§ Exercise materials:

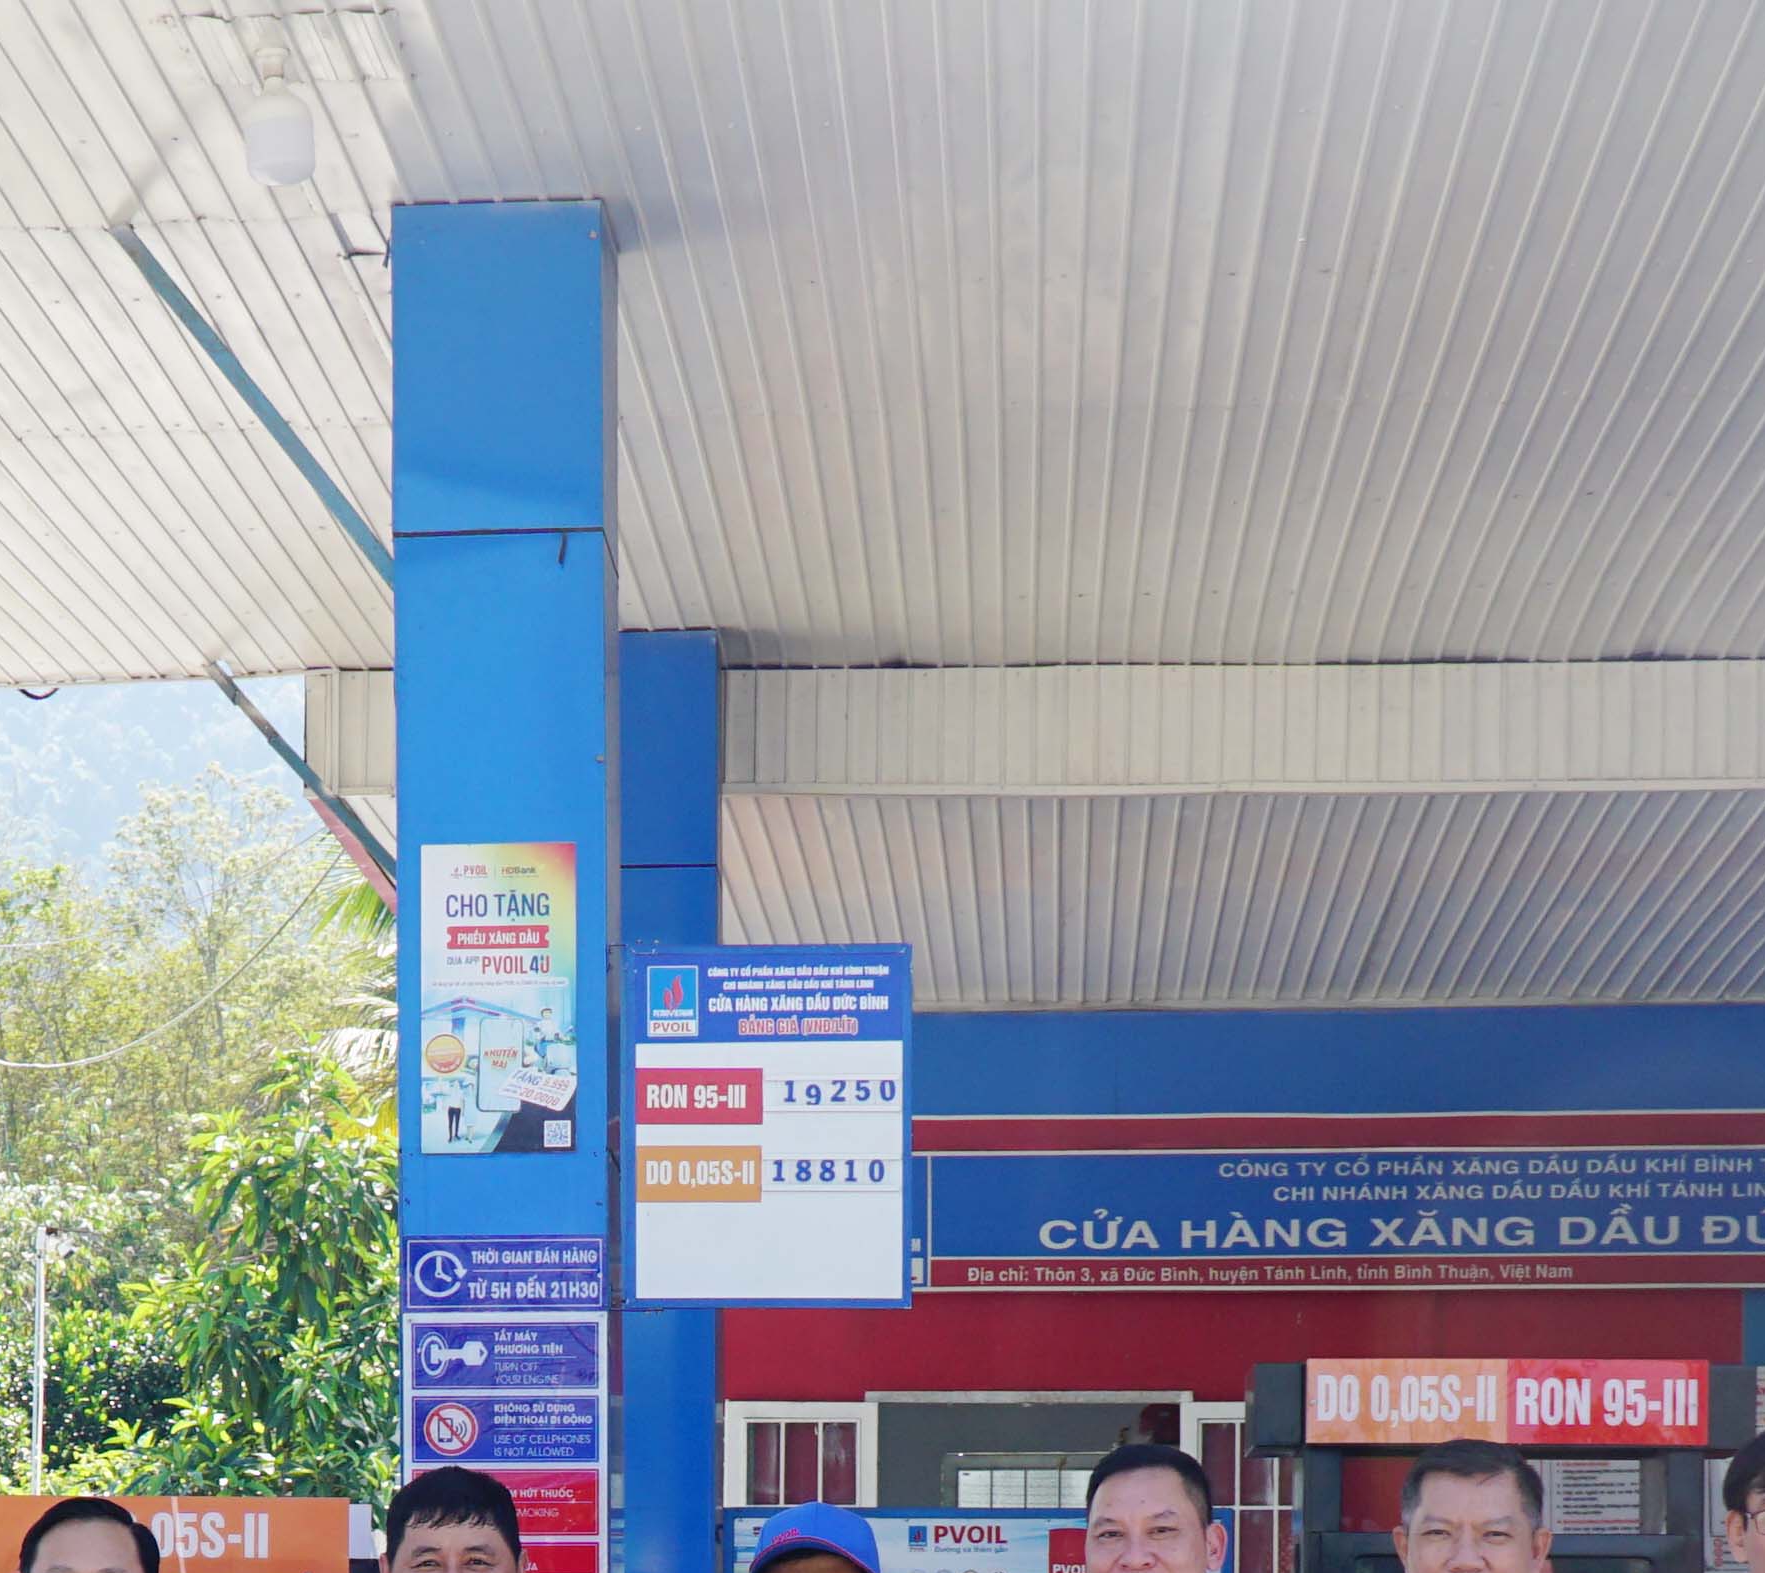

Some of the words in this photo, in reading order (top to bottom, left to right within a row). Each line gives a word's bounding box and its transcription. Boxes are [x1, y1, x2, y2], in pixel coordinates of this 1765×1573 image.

[464, 865, 488, 875] PVOIL
[446, 893, 488, 918] CHO
[493, 889, 551, 922] TẶNG
[457, 927, 486, 945] PHIẾU
[488, 928, 516, 945] XĂNG
[519, 927, 540, 944] DẦU
[708, 993, 733, 1012] CỬA
[735, 994, 768, 1011] HÀNG
[771, 993, 804, 1011] XĂNG
[806, 992, 830, 1011] DẦU
[859, 992, 889, 1010] BÌNH
[652, 1021, 693, 1033] PVOIL
[739, 1015, 774, 1036] BẢNG
[776, 1015, 799, 1035] GIÁ
[646, 1084, 688, 1109] RON
[692, 1084, 746, 1109] 95-III
[784, 1079, 897, 1106] 19250
[645, 1159, 674, 1185] DO
[678, 1159, 755, 1188] 0,05S-II
[772, 1159, 885, 1183] 18810
[1218, 1159, 1288, 1178] CÔNG
[1296, 1162, 1327, 1177] TY
[1334, 1153, 1370, 1177] CỔ
[1377, 1155, 1444, 1176] PHẦN
[1451, 1157, 1519, 1176] XĂNG
[1528, 1154, 1578, 1175] DẦU
[1586, 1154, 1636, 1174] DẦU
[1645, 1153, 1686, 1174] KHÍ
[1694, 1153, 1753, 1173] BÌNH
[1273, 1186, 1314, 1202] CHI
[1323, 1182, 1407, 1201] NHÁNH
[1415, 1182, 1484, 1200] XĂNG
[1492, 1179, 1541, 1200] DẦU
[1550, 1178, 1600, 1199] DẦU
[1609, 1179, 1652, 1198] KHÍ
[1656, 1179, 1724, 1198] TÁNH
[1038, 1208, 1160, 1250] CỬA
[1180, 1211, 1348, 1250] HÀNG
[1369, 1209, 1535, 1247] XĂNG
[1558, 1202, 1680, 1246] DẦU
[471, 1248, 499, 1265] THỜI
[502, 1250, 532, 1264] GIAN
[536, 1247, 560, 1264] BÁN
[562, 1247, 598, 1264] HÀNG
[967, 1266, 995, 1285] Địa
[998, 1264, 1029, 1283] chỉ:
[1034, 1266, 1076, 1283] Thôn
[1081, 1267, 1095, 1284] 3,
[1099, 1267, 1119, 1282] xã
[1123, 1266, 1156, 1283] Đức
[1161, 1266, 1204, 1284] Bình,
[1209, 1266, 1259, 1285] huyện
[1264, 1265, 1306, 1281] Tánh
[1357, 1262, 1389, 1280] tỉnh
[1394, 1264, 1433, 1280] Bình
[1438, 1264, 1494, 1281] Thuận,
[1499, 1263, 1531, 1281] Việt
[1536, 1264, 1574, 1279] Nam
[468, 1278, 488, 1299] TỪ
[491, 1282, 511, 1299] 5H
[515, 1275, 546, 1299] ĐẾN
[551, 1281, 599, 1299] 21H30
[494, 1328, 512, 1341] TẮT
[515, 1330, 538, 1341] MÁY
[494, 1343, 539, 1354] PHƯƠNG
[542, 1342, 563, 1356] TIỆN
[494, 1362, 519, 1372] TURN
[520, 1362, 538, 1371] OFF
[495, 1374, 521, 1384] YOUR
[523, 1374, 559, 1384] ENGINE
[494, 1402, 530, 1412] KHÔNG
[533, 1401, 545, 1412] SỬ
[547, 1403, 575, 1414] DỤNG
[1316, 1375, 1360, 1422] DO
[1370, 1374, 1497, 1428] 0,05S-II
[1515, 1378, 1591, 1427] RON
[1603, 1378, 1698, 1427] 95-III
[494, 1414, 516, 1426] ĐIỆN
[519, 1416, 548, 1426] THOẠI
[550, 1416, 561, 1424] DI
[563, 1414, 593, 1426] ĐỘNG
[494, 1435, 512, 1444] USE
[513, 1435, 528, 1444] OF
[529, 1434, 591, 1444] CELLPHONES
[504, 1447, 524, 1457] NOT
[527, 1447, 575, 1457] ALLOWED
[520, 1487, 538, 1498] HÚT
[540, 1486, 574, 1498] THUỐC
[934, 1525, 1008, 1545] PVOIL

§ Your assignment: Leaving the pictures out, output the material exactly as it appears.

§ Task answer:
Some of the words in this photo, in reading order (top to bottom, left to right within a row). Each line gives a word's bounding box and its transcription. Boxes are [x1, y1, x2, y2], in pixel coordinates of this 1765×1573 image.

[464, 865, 488, 875] PVOIL
[446, 893, 488, 918] CHO
[493, 889, 551, 922] TẶNG
[457, 927, 486, 945] PHIẾU
[488, 928, 516, 945] XĂNG
[519, 927, 540, 944] DẦU
[708, 993, 733, 1012] CỬA
[735, 994, 768, 1011] HÀNG
[771, 993, 804, 1011] XĂNG
[806, 992, 830, 1011] DẦU
[859, 992, 889, 1010] BÌNH
[652, 1021, 693, 1033] PVOIL
[739, 1015, 774, 1036] BẢNG
[776, 1015, 799, 1035] GIÁ
[646, 1084, 688, 1109] RON
[692, 1084, 746, 1109] 95-III
[784, 1079, 897, 1106] 19250
[645, 1159, 674, 1185] DO
[678, 1159, 755, 1188] 0,05S-II
[772, 1159, 885, 1183] 18810
[1218, 1159, 1288, 1178] CÔNG
[1296, 1162, 1327, 1177] TY
[1334, 1153, 1370, 1177] CỔ
[1377, 1155, 1444, 1176] PHẦN
[1451, 1157, 1519, 1176] XĂNG
[1528, 1154, 1578, 1175] DẦU
[1586, 1154, 1636, 1174] DẦU
[1645, 1153, 1686, 1174] KHÍ
[1694, 1153, 1753, 1173] BÌNH
[1273, 1186, 1314, 1202] CHI
[1323, 1182, 1407, 1201] NHÁNH
[1415, 1182, 1484, 1200] XĂNG
[1492, 1179, 1541, 1200] DẦU
[1550, 1178, 1600, 1199] DẦU
[1609, 1179, 1652, 1198] KHÍ
[1656, 1179, 1724, 1198] TÁNH
[1038, 1208, 1160, 1250] CỬA
[1180, 1211, 1348, 1250] HÀNG
[1369, 1209, 1535, 1247] XĂNG
[1558, 1202, 1680, 1246] DẦU
[471, 1248, 499, 1265] THỜI
[502, 1250, 532, 1264] GIAN
[536, 1247, 560, 1264] BÁN
[562, 1247, 598, 1264] HÀNG
[967, 1266, 995, 1285] Địa
[998, 1264, 1029, 1283] chỉ:
[1034, 1266, 1076, 1283] Thôn
[1081, 1267, 1095, 1284] 3,
[1099, 1267, 1119, 1282] xã
[1123, 1266, 1156, 1283] Đức
[1161, 1266, 1204, 1284] Bình,
[1209, 1266, 1259, 1285] huyện
[1264, 1265, 1306, 1281] Tánh
[1357, 1262, 1389, 1280] tỉnh
[1394, 1264, 1433, 1280] Bình
[1438, 1264, 1494, 1281] Thuận,
[1499, 1263, 1531, 1281] Việt
[1536, 1264, 1574, 1279] Nam
[468, 1278, 488, 1299] TỪ
[491, 1282, 511, 1299] 5H
[515, 1275, 546, 1299] ĐẾN
[551, 1281, 599, 1299] 21H30
[494, 1328, 512, 1341] TẮT
[515, 1330, 538, 1341] MÁY
[494, 1343, 539, 1354] PHƯƠNG
[542, 1342, 563, 1356] TIỆN
[494, 1362, 519, 1372] TURN
[520, 1362, 538, 1371] OFF
[495, 1374, 521, 1384] YOUR
[523, 1374, 559, 1384] ENGINE
[494, 1402, 530, 1412] KHÔNG
[533, 1401, 545, 1412] SỬ
[547, 1403, 575, 1414] DỤNG
[1316, 1375, 1360, 1422] DO
[1370, 1374, 1497, 1428] 0,05S-II
[1515, 1378, 1591, 1427] RON
[1603, 1378, 1698, 1427] 95-III
[494, 1414, 516, 1426] ĐIỆN
[519, 1416, 548, 1426] THOẠI
[550, 1416, 561, 1424] DI
[563, 1414, 593, 1426] ĐỘNG
[494, 1435, 512, 1444] USE
[513, 1435, 528, 1444] OF
[529, 1434, 591, 1444] CELLPHONES
[504, 1447, 524, 1457] NOT
[527, 1447, 575, 1457] ALLOWED
[520, 1487, 538, 1498] HÚT
[540, 1486, 574, 1498] THUỐC
[934, 1525, 1008, 1545] PVOIL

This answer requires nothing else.